Problem statement
Each line of the data is to be output verbatim, with the images removed.
┌────────
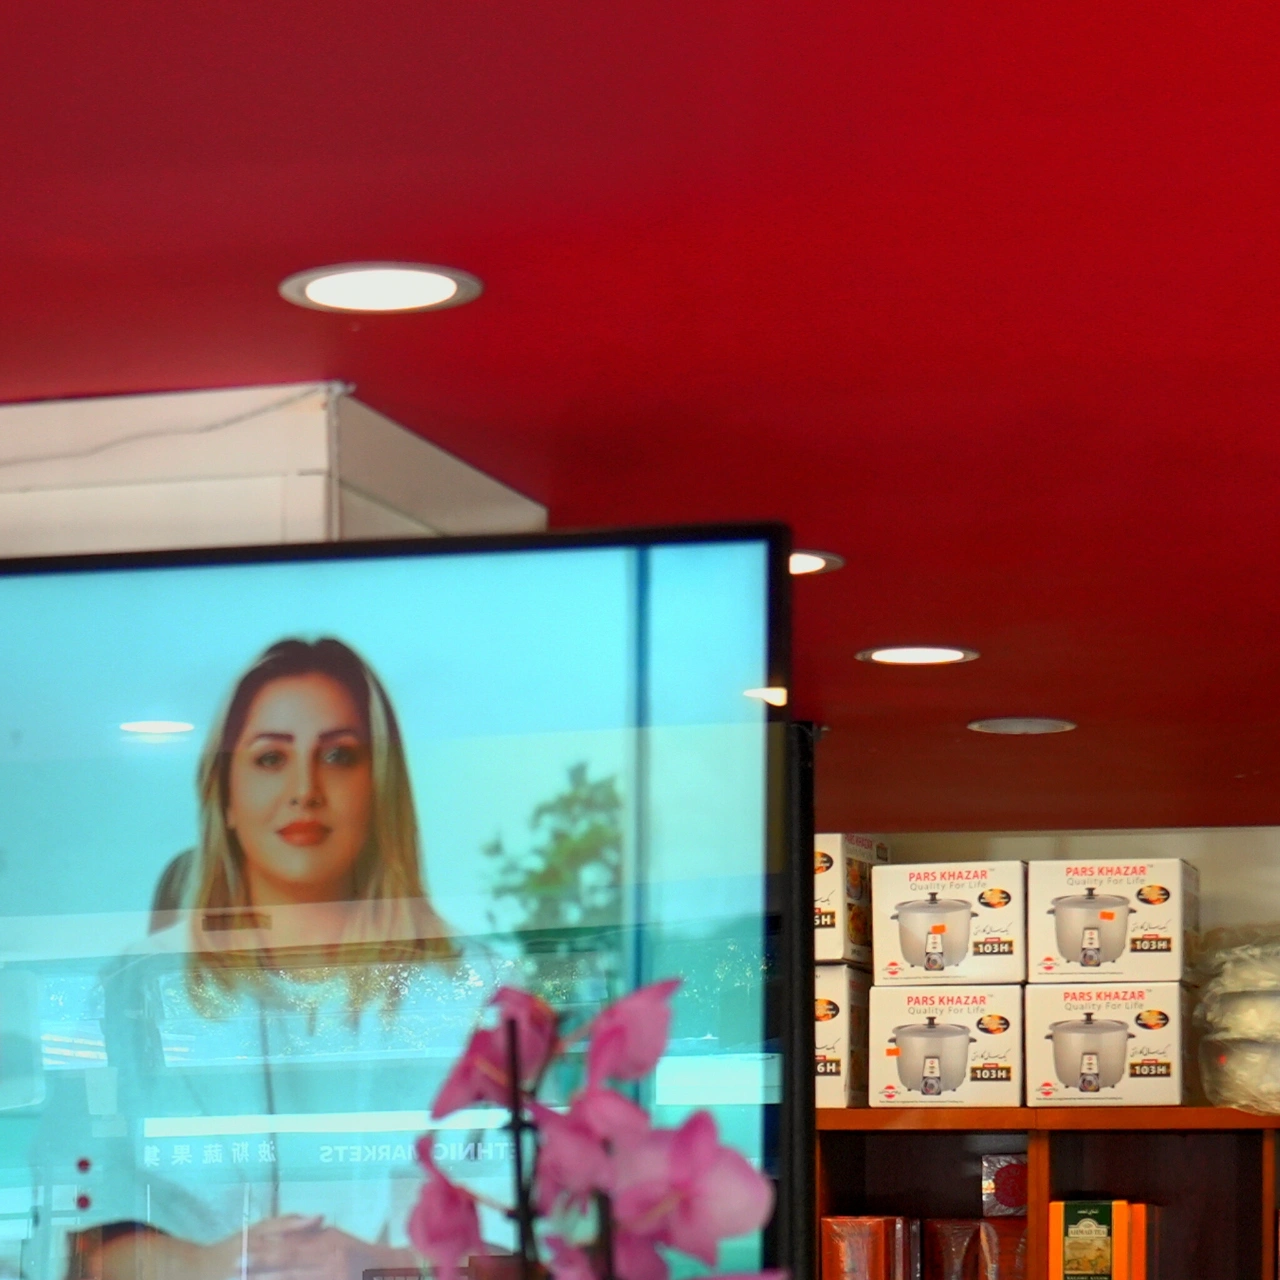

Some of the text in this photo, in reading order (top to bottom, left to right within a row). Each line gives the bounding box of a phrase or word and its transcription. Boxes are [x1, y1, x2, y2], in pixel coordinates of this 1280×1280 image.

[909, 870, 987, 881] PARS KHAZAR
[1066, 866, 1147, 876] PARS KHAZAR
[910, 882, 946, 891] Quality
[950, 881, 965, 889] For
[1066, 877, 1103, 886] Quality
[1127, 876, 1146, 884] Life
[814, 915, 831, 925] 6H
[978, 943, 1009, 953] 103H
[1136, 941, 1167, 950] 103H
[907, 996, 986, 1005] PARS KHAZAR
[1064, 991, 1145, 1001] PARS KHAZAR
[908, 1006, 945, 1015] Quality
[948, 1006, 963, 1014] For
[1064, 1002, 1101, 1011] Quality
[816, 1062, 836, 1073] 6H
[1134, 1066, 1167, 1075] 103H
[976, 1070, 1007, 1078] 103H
└────────
Solution to this problem
Some of the text in this photo, in reading order (top to bottom, left to right within a row). Each line gives the bounding box of a phrase or word and its transcription. Boxes are [x1, y1, x2, y2], in pixel coordinates of this 1280×1280 image.

[909, 870, 987, 881] PARS KHAZAR
[1066, 866, 1147, 876] PARS KHAZAR
[910, 882, 946, 891] Quality
[950, 881, 965, 889] For
[1066, 877, 1103, 886] Quality
[1127, 876, 1146, 884] Life
[814, 915, 831, 925] 6H
[978, 943, 1009, 953] 103H
[1136, 941, 1167, 950] 103H
[907, 996, 986, 1005] PARS KHAZAR
[1064, 991, 1145, 1001] PARS KHAZAR
[908, 1006, 945, 1015] Quality
[948, 1006, 963, 1014] For
[1064, 1002, 1101, 1011] Quality
[816, 1062, 836, 1073] 6H
[1134, 1066, 1167, 1075] 103H
[976, 1070, 1007, 1078] 103H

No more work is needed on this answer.